Natural log of relative gene expression of biomarkers for participants with more than 20% improvement on ABC total scores from baseline to 15 weeks. N = 42. Small circles outside of the boxes denote outliers. Large circles inside the boxes denote means; center horizontal lines inside the boxes denote medians

Heat shock proteins

Gene expression for HSP70 at 15 weeks was significantly lower in children taking SF compared to PL (p = 0.03), and there was a trend toward lower HSP27 (p = 0.08; Table 8). HSP70 was also lower in children taking SF whose total ABC scores decreased more than 20% (p < 0.05; Fig. 6). HSP27, HSP70 and HO-1 all returned to baseline at 36 weeks. The combination of decreased HSP27 and HSP70 differed from baseline for treatment with SF (p = 0.06) but not PL (p = 0.3).

Table 8 Univariate regression (β) coefficients for sulforaphane compared to placebo for biomarker gene expression (change from baseline)

Inflammatory markers

In children taking SF for 15 weeks, IL-6 and TNF-α gene expression was significantly lower (p = 0.006, 0.01) compared to those taking PL. The changes in levels of IL-1β expression from baseline to weeks 7 and 30 were significantly greater in participants on SF than those on PL (p = 0.03, 0.04) but not from baseline to 15 or 22 weeks (Table 8). Accordingly, Wilcoxon rank sum scores were significantly decreased at 15 weeks for IL-6 and TNF-α for children taking SF, and for TNF-α in those whose total ABC scores decreased by > 20% (Figs. 6, 7). The combination of decreased TNF-α and IL-6 differed for treatment with SF compared to baseline at 15 weeks (p < 0.05) but not PL (p = 0.6).

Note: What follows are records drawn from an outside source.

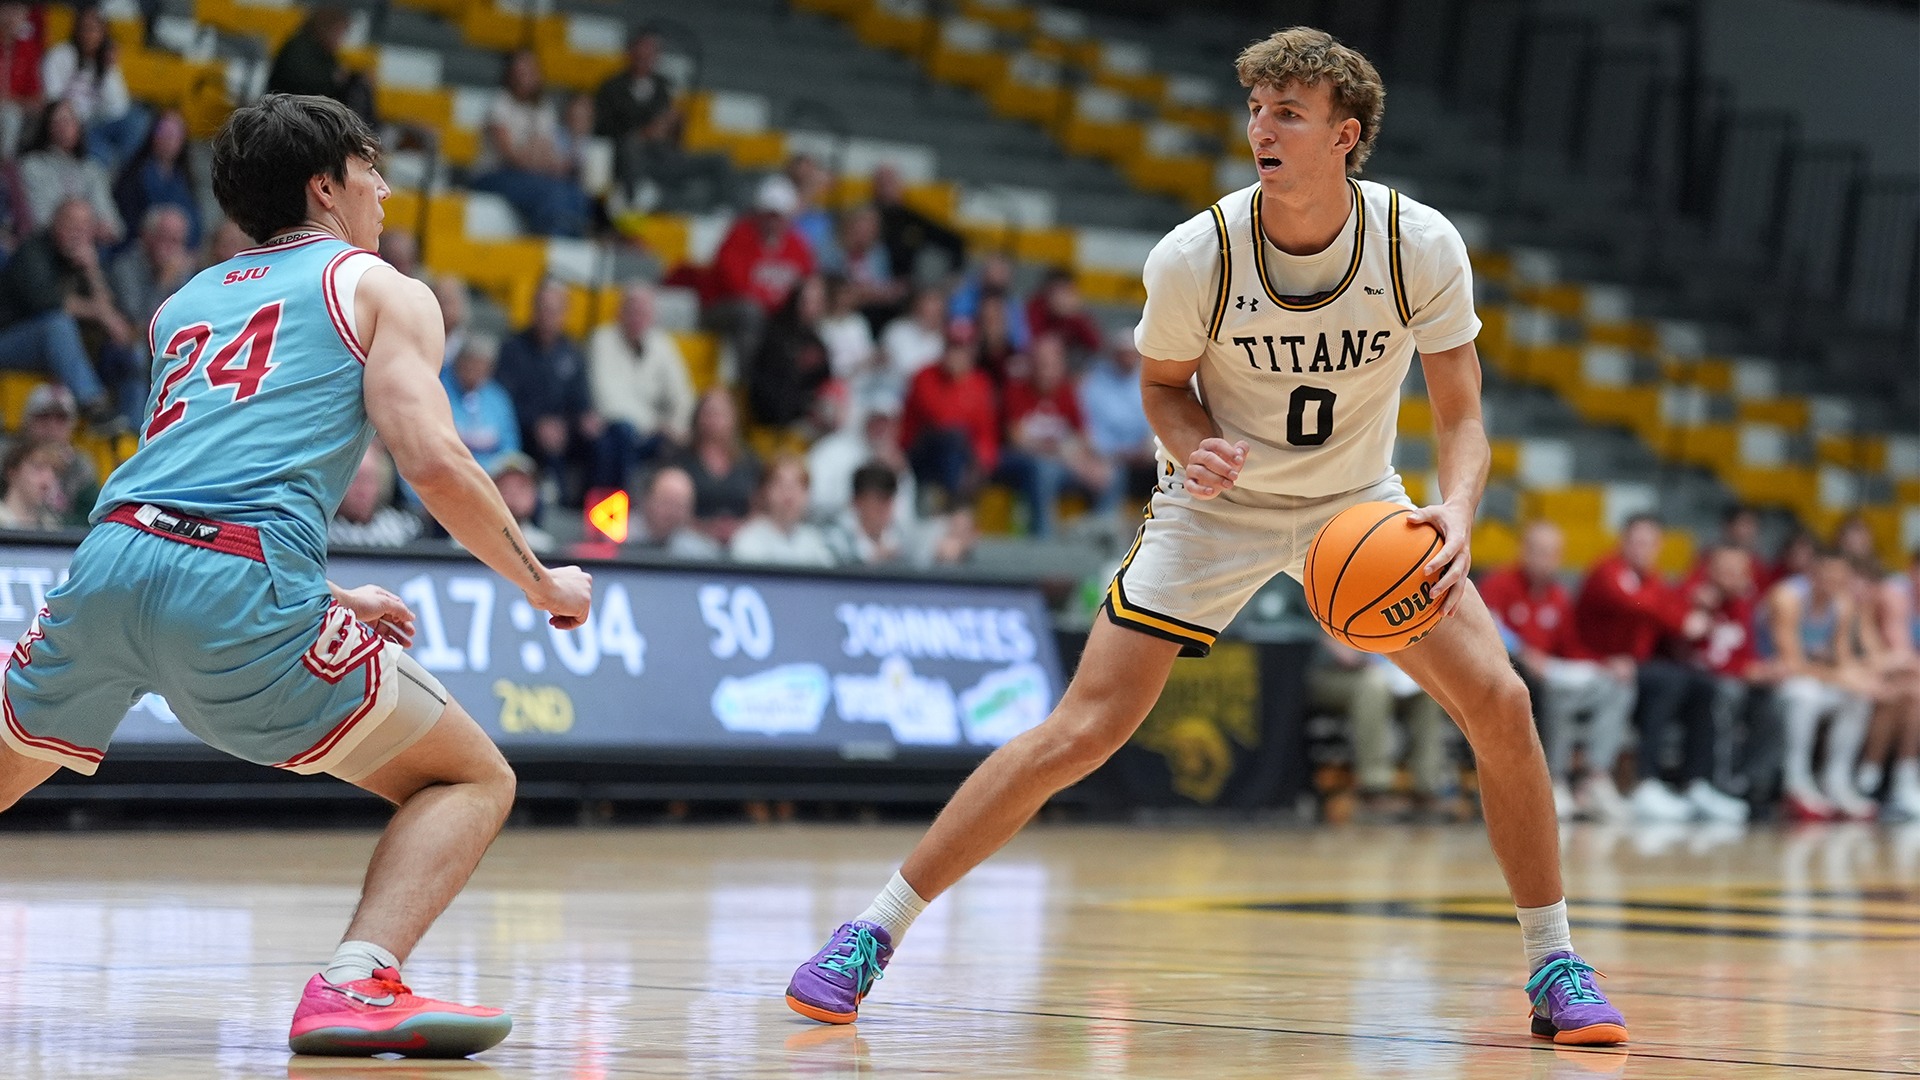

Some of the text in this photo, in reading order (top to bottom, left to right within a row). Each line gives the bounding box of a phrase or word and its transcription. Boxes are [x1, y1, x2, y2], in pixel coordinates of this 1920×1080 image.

[285, 232, 311, 243] PRO
[223, 266, 271, 286] SJU
[145, 298, 285, 442] 24
[1233, 330, 1391, 373] TITANS
[1286, 385, 1337, 446] 0
[697, 585, 773, 660] 50
[1380, 581, 1436, 627] Wil
[493, 678, 574, 734] 2ND
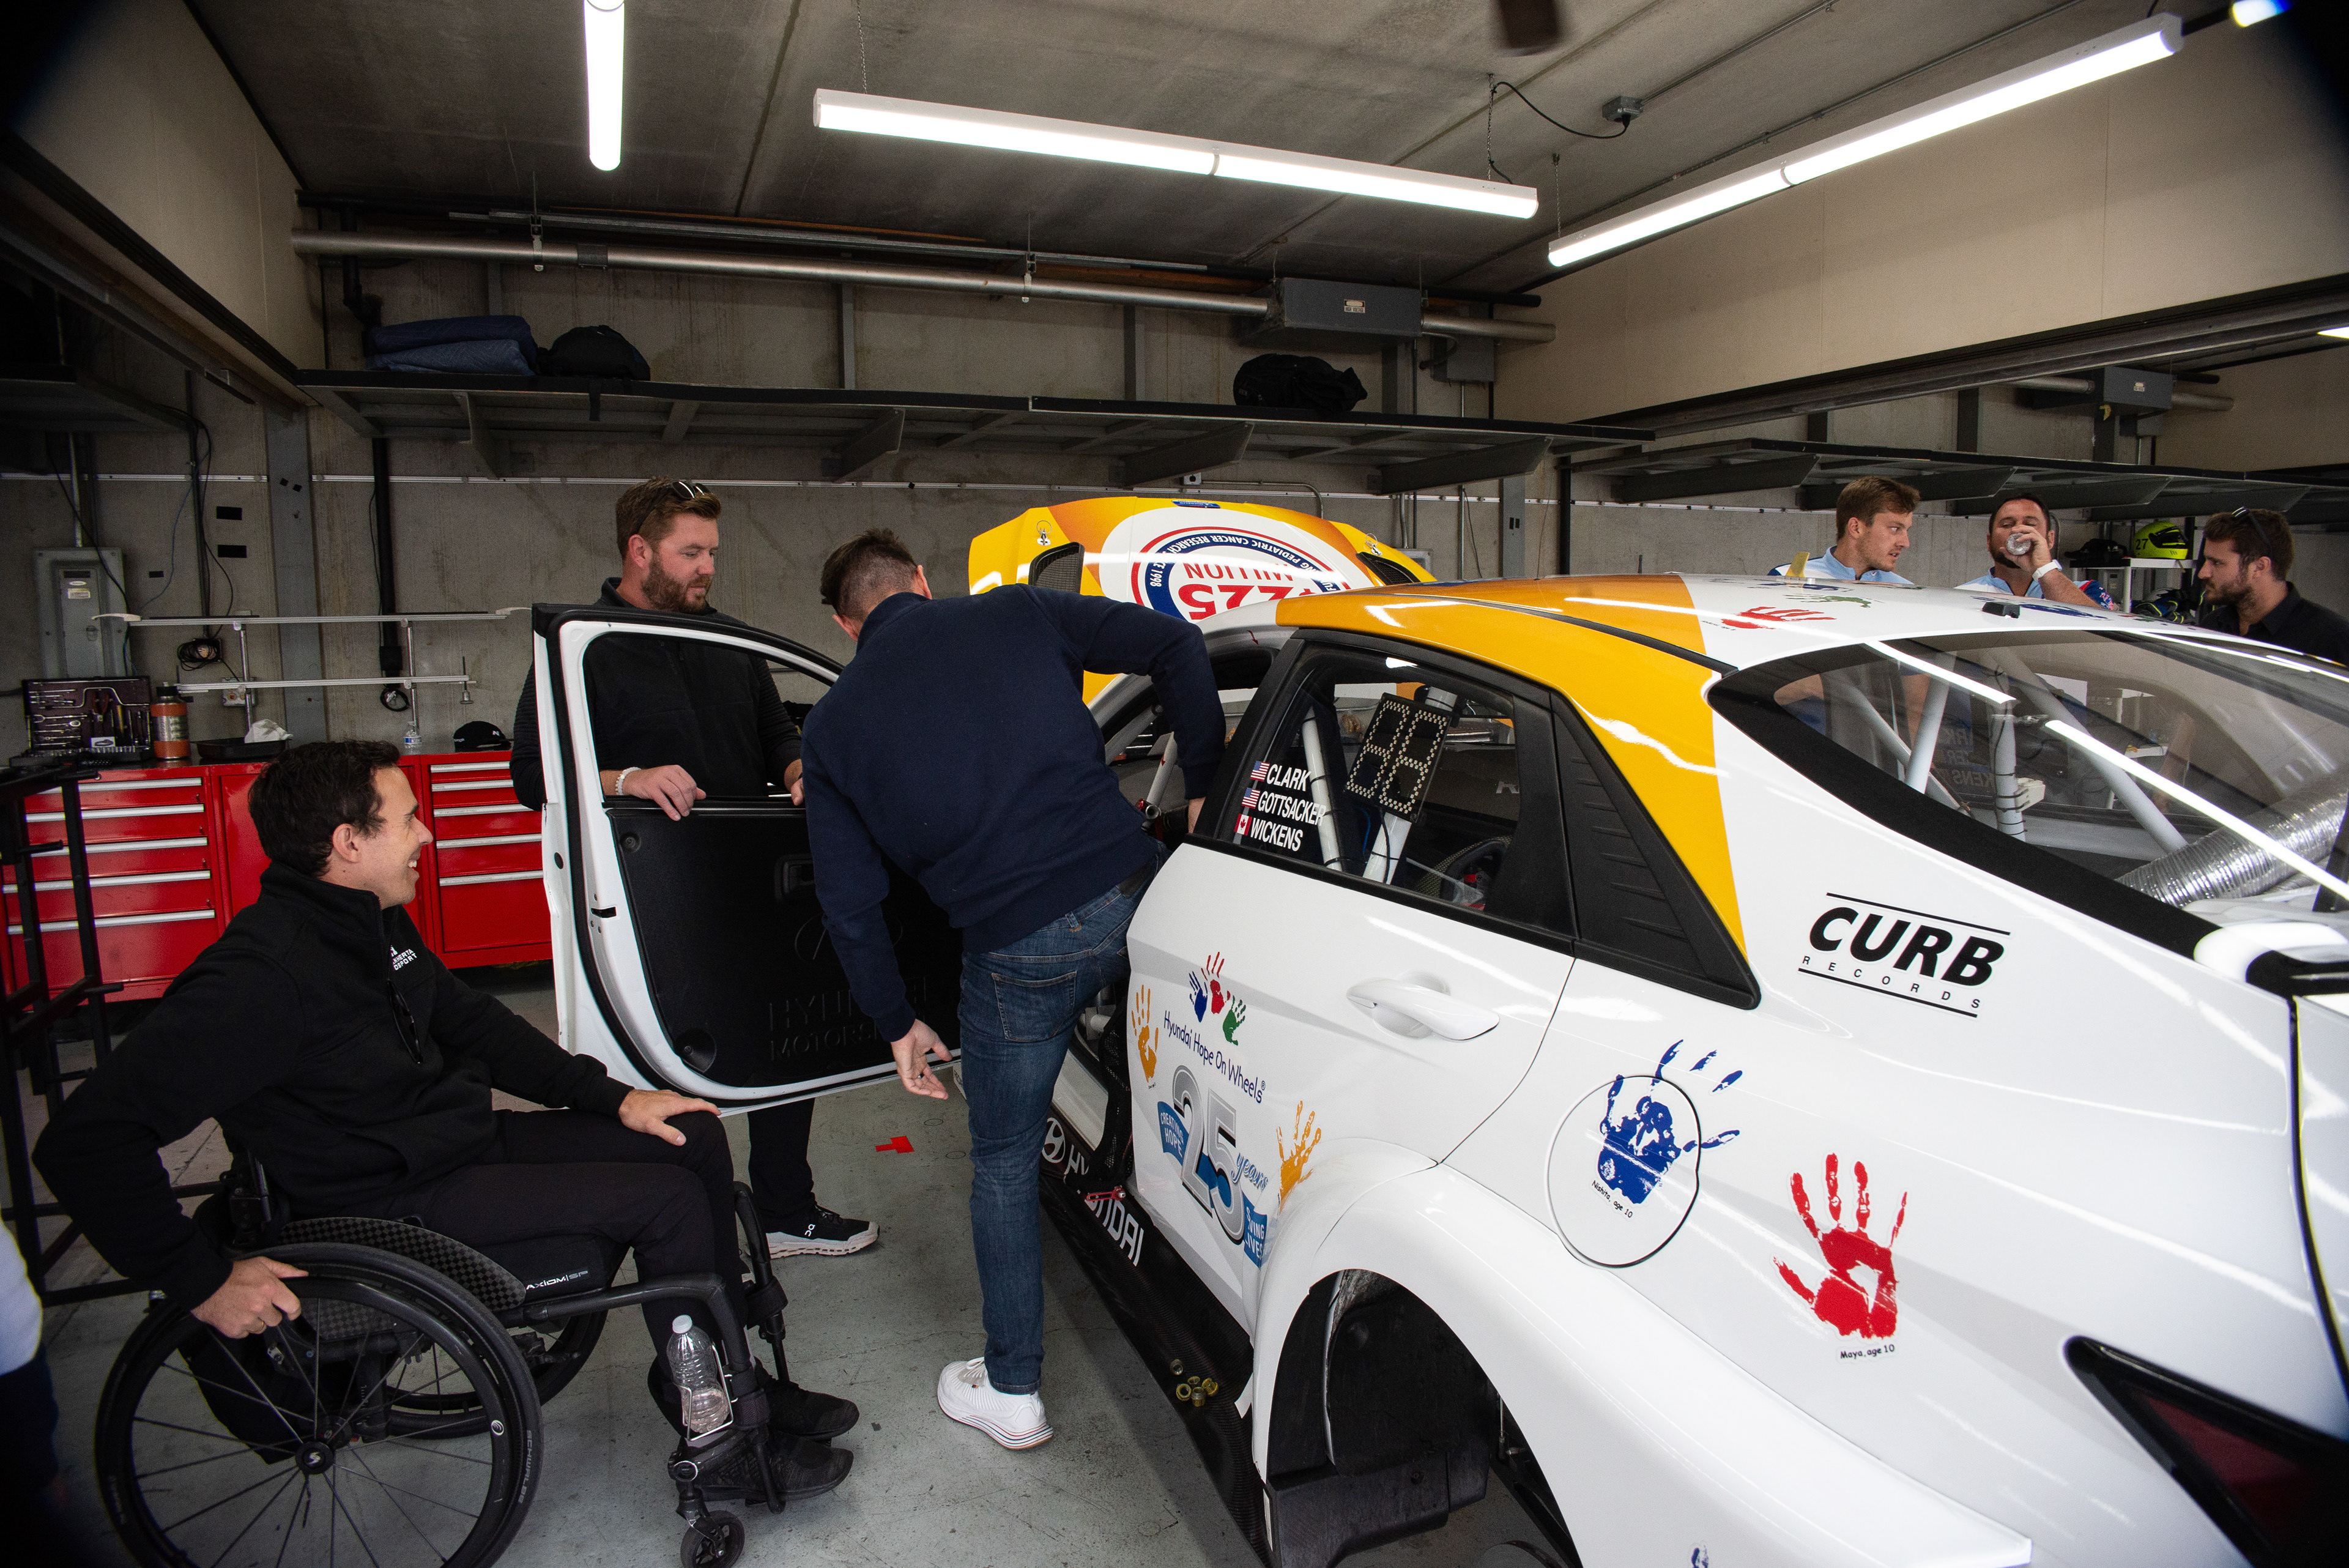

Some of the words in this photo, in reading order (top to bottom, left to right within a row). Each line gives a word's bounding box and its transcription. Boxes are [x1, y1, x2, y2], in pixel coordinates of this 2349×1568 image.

[1167, 535, 1211, 554] RESEARCH
[1210, 535, 1249, 547] CANCER
[1251, 540, 1301, 565] PEDIATRIC
[2135, 538, 2148, 550] 27
[1149, 570, 1163, 587] 1998
[1266, 763, 1311, 792] CLARK
[1258, 790, 1327, 827] GOTTSACKER
[1250, 819, 1304, 852] WICKENS
[1809, 906, 2005, 987] CURB
[1802, 955, 1981, 1009] RECORDS
[1163, 1010, 1192, 1049] Hyundai
[1193, 1036, 1214, 1065] Hope
[1215, 1051, 1227, 1076] On
[1159, 1111, 1184, 1145] CREATING
[1164, 1128, 1183, 1157] HOPE
[1172, 1065, 1245, 1246] 25
[1231, 1152, 1269, 1191] years
[1592, 1180, 1611, 1202] Nishita,
[1613, 1201, 1624, 1211] age
[1625, 1209, 1633, 1218] 10
[1246, 1206, 1264, 1240] SVING
[1840, 1350, 1866, 1360] Maya,
[1867, 1348, 1882, 1357] age
[1883, 1344, 1895, 1354] 10
[518, 1430, 532, 1504] SCHWALBE
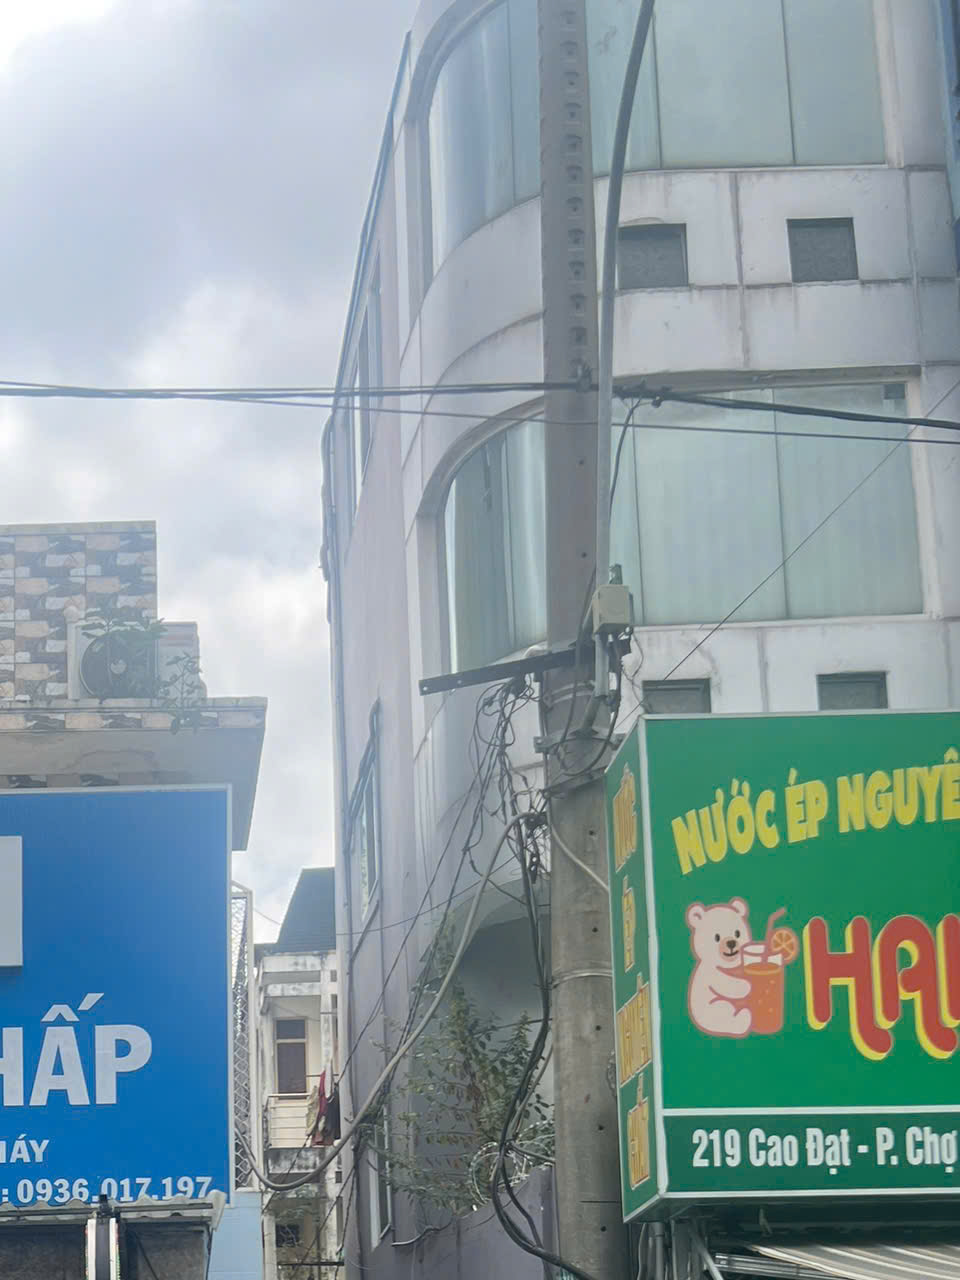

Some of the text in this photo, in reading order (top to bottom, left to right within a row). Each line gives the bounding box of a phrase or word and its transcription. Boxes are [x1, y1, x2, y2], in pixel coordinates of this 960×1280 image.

Biomarkers of fever response and developmental regression

For participants with a history of the fever effect compared to those without, there was significantly greater gene expression for xCT, HSP70 and COX-2 at baseline (p = 0.004, 0.006 and 0.001, respectively; data not shown). After 15 weeks of treatment with SF for fever responders in both groups (0–15 weeks for the SF group and 16–30 weeks for the Placebo group), there was reduced expression of xCT (p = 0.03) and greater expression of HSP70 (p = 0.04), COX-2 (p = 0.02) and TNF-α (p = 0.04; Table 9). In participants with a history of developmental regression, there were no statistically significant differences in gene expression at baseline or after 15 weeks of treatment with SF, compared to their baseline values (Additional file 1: Table S19).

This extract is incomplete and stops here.